Not only was he shot down in flames in 2011 for sending pictures of his appendage to young women, but it has now emerged that he continued sending them the graphic shots for up to a year afterwards, under the pseudonym "Carlos Danger".

We've had randy pxters before, even in New Zealand - remember the unnamed doctor who claimed he'd inadvertently snapped shots of his John Thomas when his cellphone fell out of his pocket while going to the toilet, then, through no fault of his own, stored the images and accidentally sent them on to random female patients when his computer misfired?

That limp excuse was just the latest in a long line of justifications for the actions of the high-powered. And while such men of influence can seemingly be trusted with our finances, our laparoscopic surgery, even our nightly news, they cannot seem to exercise the same good judgment when it comes to resisting the desire to expose themselves to all and sundry.
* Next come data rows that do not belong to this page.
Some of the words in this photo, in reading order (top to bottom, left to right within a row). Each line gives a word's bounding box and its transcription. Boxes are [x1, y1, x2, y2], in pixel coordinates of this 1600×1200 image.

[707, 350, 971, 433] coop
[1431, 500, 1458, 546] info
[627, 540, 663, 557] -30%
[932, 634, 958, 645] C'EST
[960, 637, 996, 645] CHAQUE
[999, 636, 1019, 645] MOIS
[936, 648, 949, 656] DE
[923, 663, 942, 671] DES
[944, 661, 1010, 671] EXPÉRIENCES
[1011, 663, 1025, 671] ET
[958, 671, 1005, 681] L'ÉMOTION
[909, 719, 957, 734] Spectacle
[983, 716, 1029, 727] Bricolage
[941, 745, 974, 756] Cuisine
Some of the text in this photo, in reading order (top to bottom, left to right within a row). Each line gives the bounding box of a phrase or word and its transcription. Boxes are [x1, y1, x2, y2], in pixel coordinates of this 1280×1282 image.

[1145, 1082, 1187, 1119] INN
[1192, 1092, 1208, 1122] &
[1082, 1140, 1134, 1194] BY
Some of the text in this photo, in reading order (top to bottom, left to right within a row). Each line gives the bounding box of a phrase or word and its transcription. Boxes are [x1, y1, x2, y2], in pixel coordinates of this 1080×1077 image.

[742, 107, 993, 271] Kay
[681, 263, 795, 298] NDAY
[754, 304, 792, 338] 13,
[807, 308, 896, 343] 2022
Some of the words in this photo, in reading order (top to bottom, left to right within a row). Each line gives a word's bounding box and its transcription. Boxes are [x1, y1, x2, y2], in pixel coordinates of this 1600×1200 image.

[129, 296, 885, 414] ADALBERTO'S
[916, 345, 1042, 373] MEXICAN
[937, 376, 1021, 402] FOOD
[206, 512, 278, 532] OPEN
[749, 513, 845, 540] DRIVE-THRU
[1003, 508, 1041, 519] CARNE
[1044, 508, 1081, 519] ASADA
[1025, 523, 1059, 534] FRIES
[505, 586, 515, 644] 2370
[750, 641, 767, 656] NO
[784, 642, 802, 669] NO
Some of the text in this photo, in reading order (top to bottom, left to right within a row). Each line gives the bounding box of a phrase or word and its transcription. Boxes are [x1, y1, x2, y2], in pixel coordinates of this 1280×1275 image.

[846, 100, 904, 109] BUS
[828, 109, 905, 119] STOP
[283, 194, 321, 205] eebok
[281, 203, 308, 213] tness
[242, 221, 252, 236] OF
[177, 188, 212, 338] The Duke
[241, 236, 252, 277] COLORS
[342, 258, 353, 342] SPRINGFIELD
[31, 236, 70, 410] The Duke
The sex is not the issue. Judgment is what matters here. Can someone who cannot be trusted not to grab a phone, pull down his underpants and take a picture of his private parts for wide digital dissemination be trusted to run a major public institution? Or a bank? Or even a meeting?

According to new guidelines published by the American Psychiatric Association, "sex addiction" is not an actual physical addiction, so other causes must be found.

Perhaps such behaviour soothes anxiety or depression; the risk of humiliation adding another frisson of excitement.

One thing we can deduce, not only from Weiner but from many like him, is that powerful people often have a feeling of grandiosity - that the rules that apply to normal people don't apply to them.

Which is great when you want lateral thinking and vision from a civic leader or CEO.

But not when you're expecting a missive on rate rises, say, and end up with a load of bollocks.